I believe this has been one of those years that I would call “challenging” for our industry. On the one hand, the extreme droughts have caused some operations to contract their work in other areas. One of my California customers mentioned, “In all my years, this is the first time I’ve ever had to take one of our planes to another area.”
Another hurdle has been the rising gas prices. We’ve had many calls from our Chem-Man users on how to implement a fuel surcharge on their billing. There are multiple ways to do this: the tach hour, percentage of job, or charging per acre. Some add the cost to their application price.
One of the hardest things we’ve dealt with this year is the many accidents and fatalities. My husband Jerry is one of those Facebook “monitors” (he looks on my Facebook but doesn’t comment). I get a knot in my stomach whenever he looks at me with concern. He lets me know when there’s another accident. Most likely, we both know that one of my friends or a friend of a friend is involved. No matter who it is, it hurts. We all feel the pain, especially since this is a close industry.
Throughout the years (mainly as our company has grown), I’ve talked to many people that have lost loved ones, and the pain is very real; mothers, grandmothers, wives, brothers, sisters, and children – all who have lost loved ones. After I joined the Facebook groups, news became instantaneous, and I realized that the job of ag aviation was like a police officer, firefighter, or another dangerous occupation. It was needed, and the service is appreciated, but it’s also dangerous.
After talking to friends and reading comments on social media, I’ve realized that our ag aviators love their job. Knowing that it’s a dangerous job, they are loyal to their work, and it’s in their blood. With the importance of higher yields for our crops, eradicating disease, and quick results, it’s a needed service.
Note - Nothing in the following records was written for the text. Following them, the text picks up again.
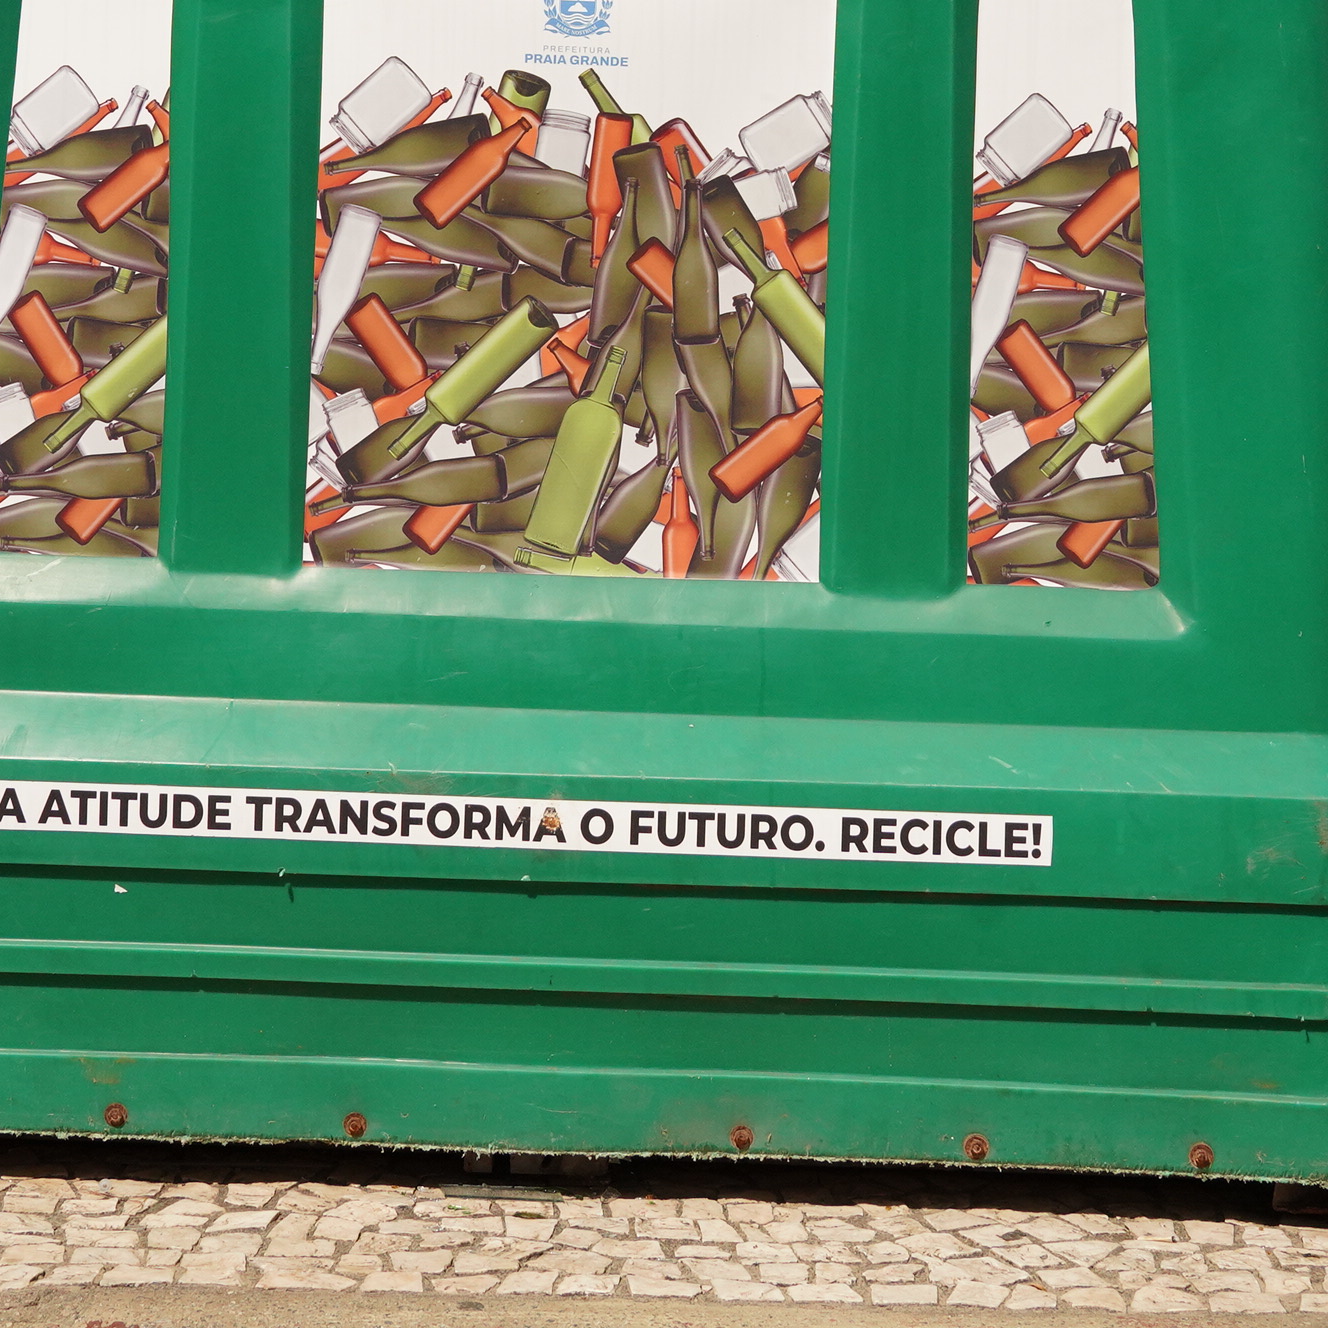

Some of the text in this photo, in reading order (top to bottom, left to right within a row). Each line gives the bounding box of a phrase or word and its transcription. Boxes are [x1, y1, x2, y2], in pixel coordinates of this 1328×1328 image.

[543, 45, 610, 53] PREFEITURA
[526, 55, 628, 67] PRAIA GRANDE
[40, 791, 232, 831] ATITUDE
[247, 798, 566, 843] TRANSFORMA
[582, 810, 614, 845] O
[631, 812, 825, 852] FUTURO.
[843, 819, 1042, 859] RECICLE!
I often think, “Is there anything that we can do to help reduce the high rates of accidents?”. Doug Thiel, PASS presenter and also a friend, recently gave me a call. We talked about some ideas. I suggested that we contact Bob Walters with FieldWatch (who manages and operates DriftWatch) about having the ability to make “Alert” or “Comments” in specific areas where pilots needed to pay attention before they fly. Since DriftWatch interfaces with most of the major software programs, this would be a big plus for everyone. I called Bob, and he mentioned that applicators may annotate their map with comments or locations that may not be on the map. However, it would be only available where DriftWatch is available. FieldWatch is evaluating other communication tools that will assist aerial applicators
I feel that it’s essential for all states to try to get on board with this organization if this can help. Many users already find it a great tool to prevent spraying nearby sensitive areas and bees. Here are the states that are currently on board: https://driftwatch.org/map
I’ll keep you posted on the updates. Hopefully, we can make something happen that will help reduce the number of accidents and especially fatalities in our industry.
Let’s do what we can to face the challenges as they come. We can do it! Y’all fly safe.